Die Wicklung überziehe (Pinsel) ich noch dünn mit Aquaseal damit der Faden nicht leidet.
Das gleitet bei mir ganz weich durch die Ringe.


----------



## goeddoek (6. Juli 2008)

*AW: Verbindung Loop mit Vorfach*

So in Etwa mache ich die auch. Das Andrücken mit der Zange ist allerdings ein richtig klasse Tipp #6#6#6

Du büst een Goeden, Tim :m


----------



## Falci (6. Juli 2008)

*AW: Verbindung Loop mit Vorfach*

Danke für die Tipps.

Diese Loop in Loop Verbindung ist, denk ich ne super Sache!

Gruß
Steffen


----------



## Blauzahn (6. Juli 2008)

*AW: Verbindung Loop mit Vorfach*



Truttafriend schrieb:


> Da ich gerne mal das Vorfach tausche finde ich die Loop in Loop Verbindung besser.
> Alle Knoten gefallen mir dabei nicht weil sie im Spitzenring hängen bleiben.
> Ich mach mir an allen gezogenen Vorfächern die Schlaufen selber indem ich die Schnur parallel lege und mit weißem Bindegarn überwickle.
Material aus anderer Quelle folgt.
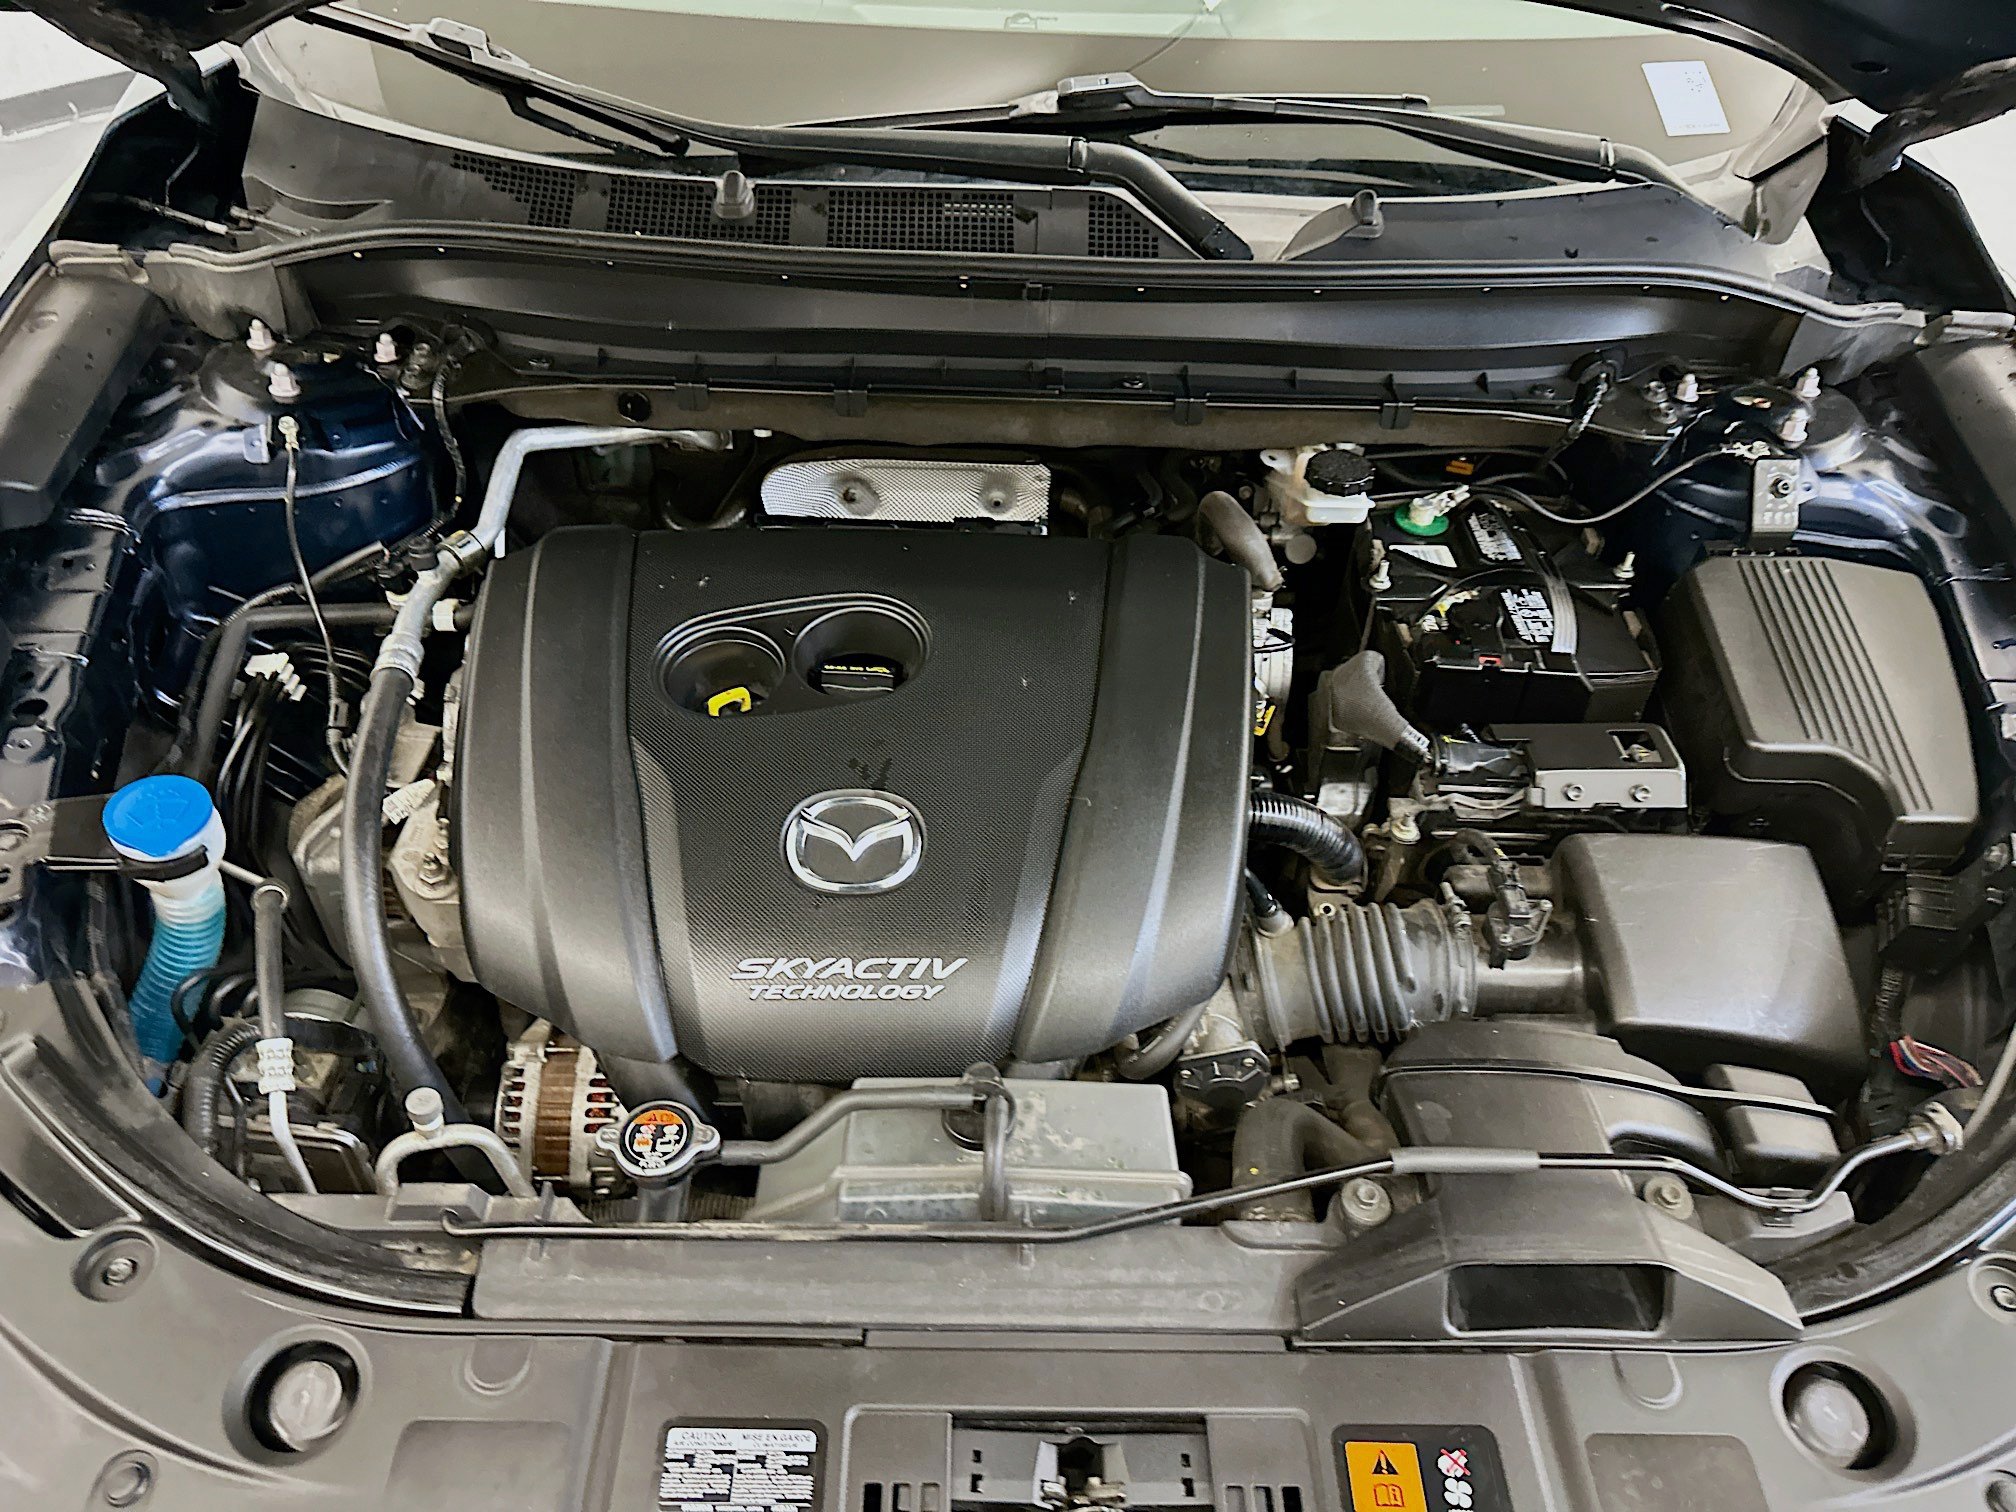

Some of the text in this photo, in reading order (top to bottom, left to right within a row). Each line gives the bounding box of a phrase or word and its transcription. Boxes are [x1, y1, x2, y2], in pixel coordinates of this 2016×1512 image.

[729, 956, 969, 981] SKYACTIV
[749, 984, 946, 1001] TECHNOLOGY
[681, 1431, 727, 1441] CAUTION
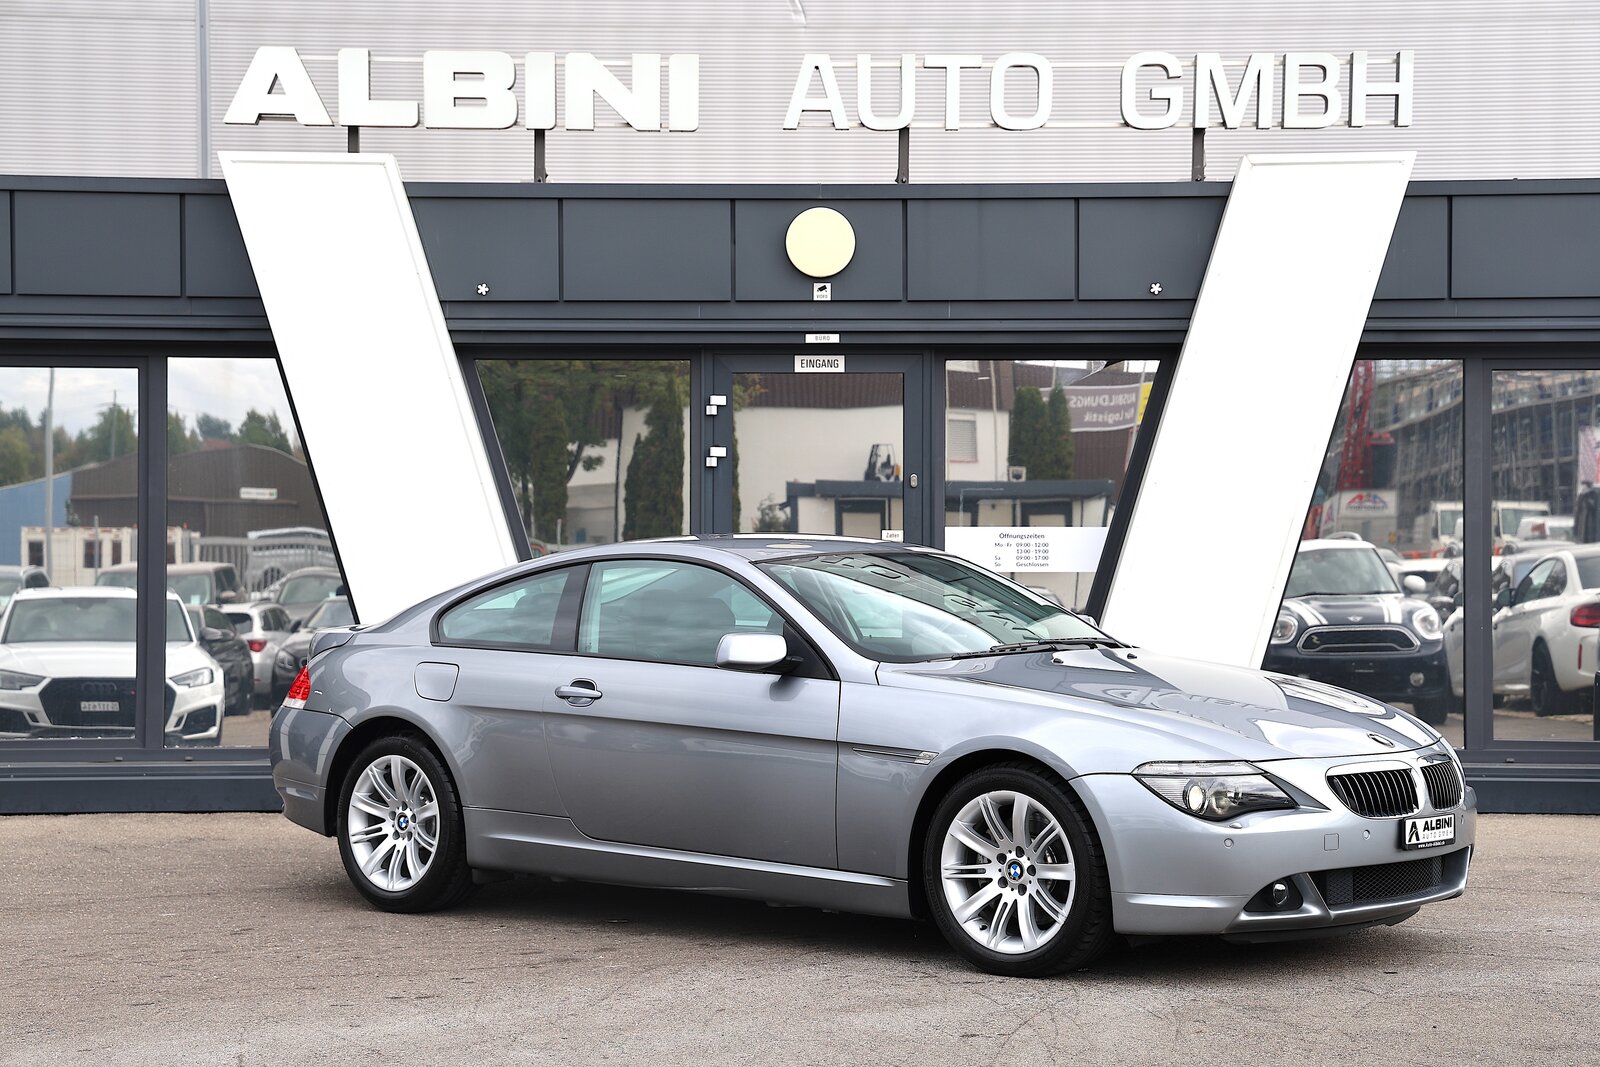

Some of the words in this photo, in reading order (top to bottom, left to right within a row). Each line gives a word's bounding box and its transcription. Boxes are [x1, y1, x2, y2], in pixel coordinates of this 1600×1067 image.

[223, 46, 700, 132] ALBINI
[783, 51, 1054, 131] AUTO
[1120, 50, 1415, 130] GMBH
[800, 359, 839, 369] EINGANG
[1423, 816, 1452, 832] ALBINI
[1422, 831, 1437, 840] AUTO
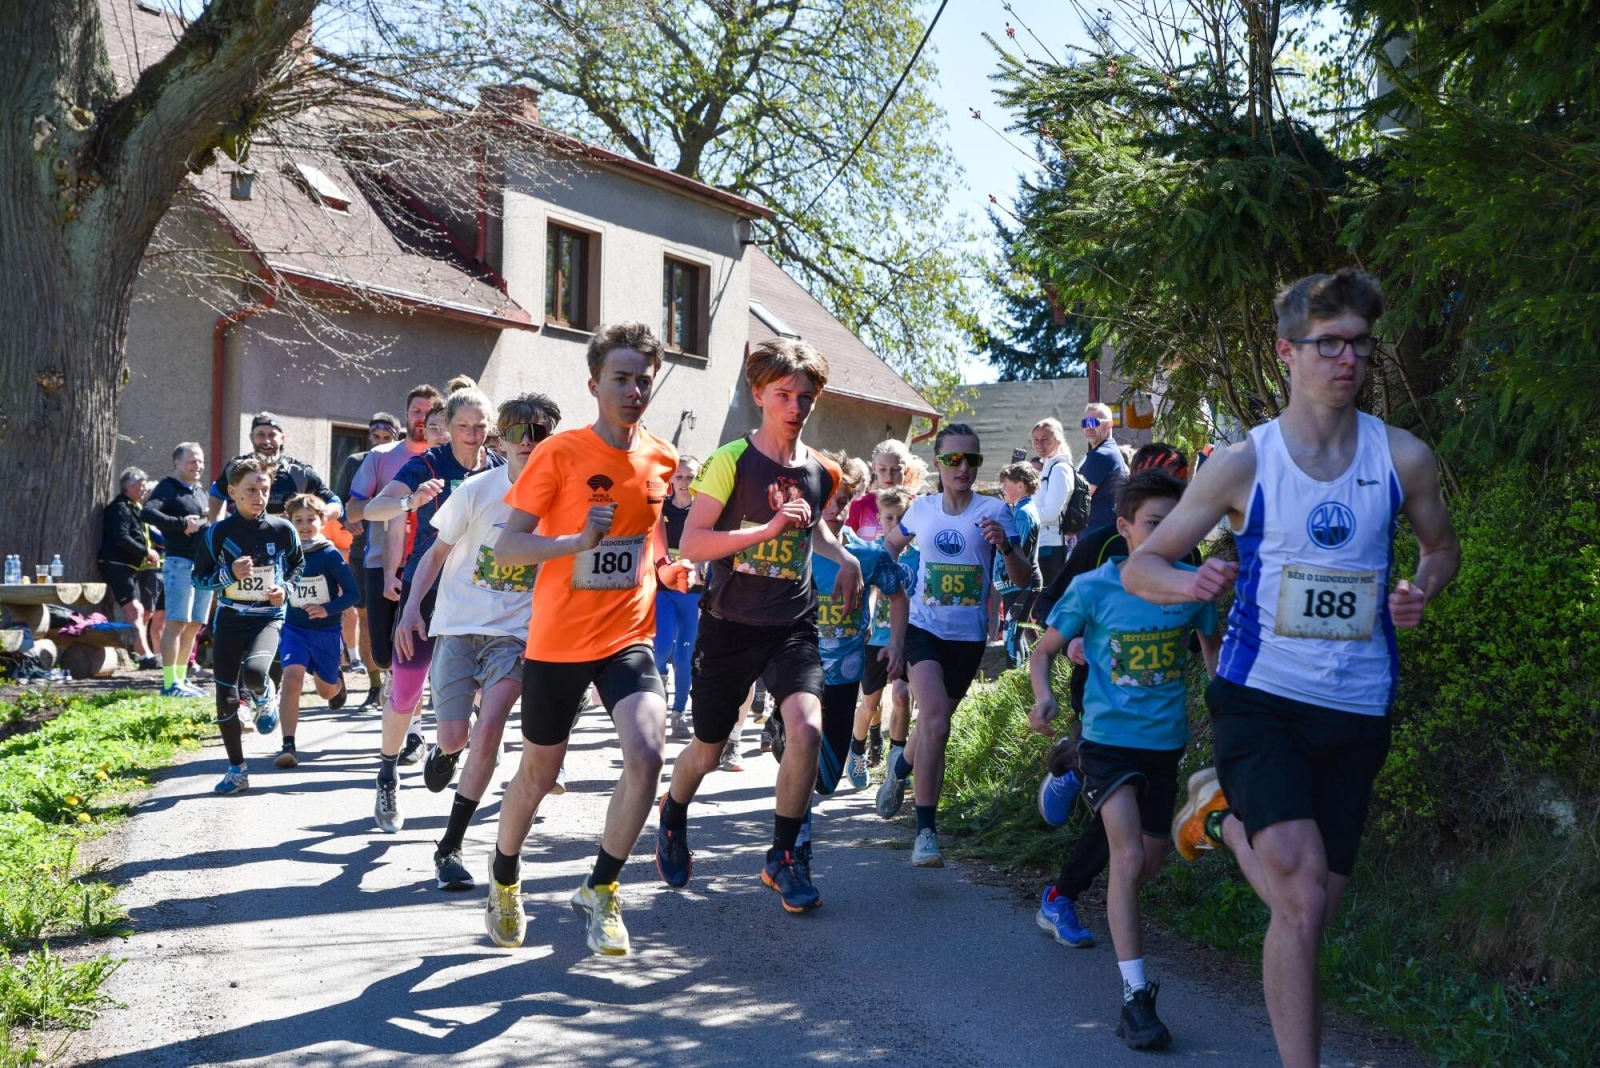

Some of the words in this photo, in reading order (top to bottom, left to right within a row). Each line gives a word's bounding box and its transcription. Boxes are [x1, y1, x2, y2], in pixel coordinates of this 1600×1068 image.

[752, 538, 794, 564] 115
[488, 560, 526, 582] 192
[592, 551, 633, 575] 180
[237, 577, 264, 592] 182
[941, 573, 965, 594] 85
[1307, 573, 1314, 581] O
[297, 585, 318, 599] 174
[1303, 588, 1357, 620] 188
[1129, 641, 1175, 670] 215
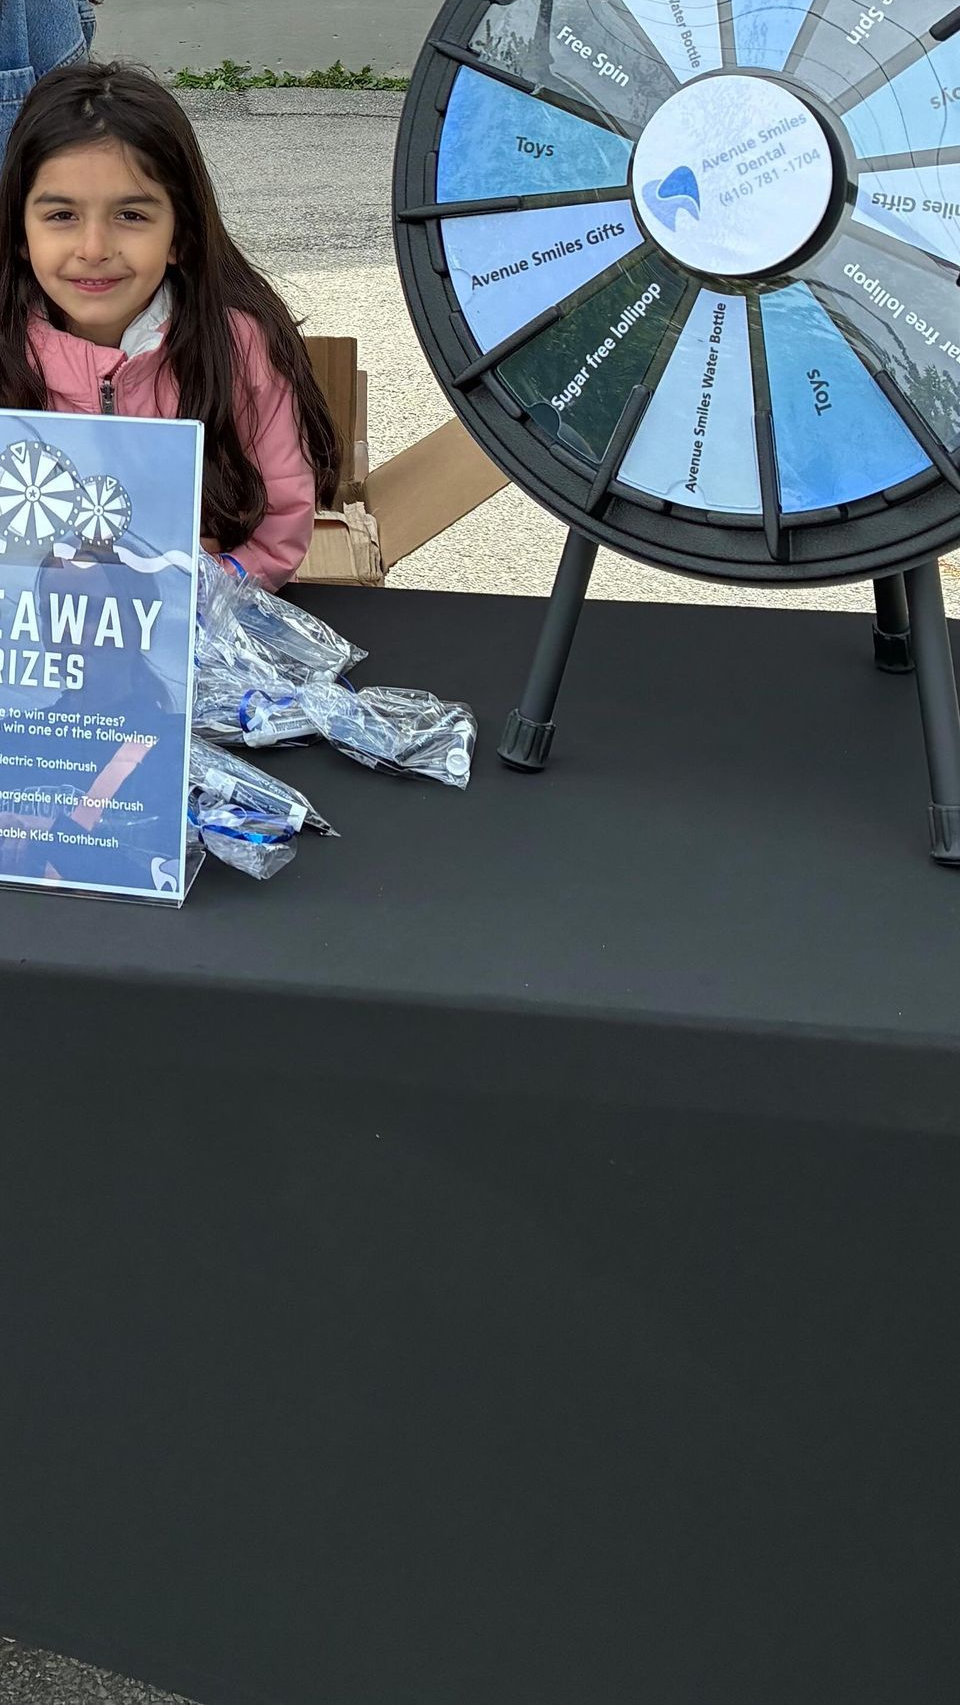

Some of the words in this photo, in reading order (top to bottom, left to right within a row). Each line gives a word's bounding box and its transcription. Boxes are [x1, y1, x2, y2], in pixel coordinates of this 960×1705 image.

[846, 5, 885, 45] Spin
[556, 26, 591, 60] Free
[592, 52, 630, 88] Spin
[681, 30, 701, 69] Bottle
[516, 136, 554, 159] Toys
[701, 137, 756, 173] Avenue
[757, 112, 807, 142] Smiles
[735, 143, 786, 176] Dental
[719, 180, 754, 207] (416)
[757, 169, 782, 190] 781
[871, 192, 916, 213] Gifts
[471, 260, 529, 291] Avenue
[532, 240, 583, 268] Smiles
[586, 221, 625, 245] Gifts
[843, 263, 905, 319] lollipop
[710, 302, 727, 344] Bottle
[905, 311, 940, 345] free
[551, 366, 590, 411] Sugar
[586, 337, 616, 369] free
[610, 282, 661, 339] lollipop
[702, 347, 719, 389] Water
[807, 368, 832, 417] Toys
[694, 392, 712, 437] Smiles
[685, 440, 703, 493] Avenue
[3, 720, 24, 734] win
[29, 725, 52, 736] one
[56, 725, 68, 738] of
[71, 726, 92, 740] the
[95, 729, 158, 747] following:
[9, 707, 21, 718] to
[24, 708, 44, 720] win
[48, 711, 80, 724] great
[83, 713, 125, 727] prizes?
[35, 757, 97, 773] Toothbrush
[54, 792, 79, 806] Kids
[81, 795, 144, 812] Toothbrush
[30, 829, 54, 842] Kids
[57, 832, 119, 848] Toothbrush
Vorher die dicke 50er noch mit einer Zange zart andrücken. Die Riffelung in der Zange bringen ein wenig Struktur auf die Schnur und der Faden lässt sich leichter wickeln ohne zu verrutschen.
> Die Wicklung überziehe (Pinsel) ich noch dünn mit Aquaseal damit der Faden nicht leidet.
> Das gleitet bei mir ganz weich durch die Ringe.



Super Anregung, Danke!
Was für ein Bindegarn verwendest Du?


----------



## Truttafriend (6. Juli 2008)

*AW: Verbindung Loop mit Vorfach*

Ich nehme den UNI 6/0 in weiß.


----------



## kof (7. Juli 2008)

*AW: Verbindung Loop mit Vorfach*

@timsen:

auch von mir danke ... mich nerv(t)en die knoten auch immer .... scheint jetzt ja passe zu sein.

makk


----------



## Blauzahn (7. Juli 2008)

*AW: Verbindung Loop mit Vorfach*



Truttafriend schrieb:


> Ich nehme den UNI 6/0 in weiß.



Merci...
und  |schild-g
zum Geburtstag!


----------



## archi69 (7. Juli 2008)

*AW: Verbindung Loop mit Vorfach*

Truttafriend! Das ist wirklich eine 1A-Idee!!! Mich ärgern diese fetten Knoten auch immer. 
Hast Du mal einen Belastungstest gemacht?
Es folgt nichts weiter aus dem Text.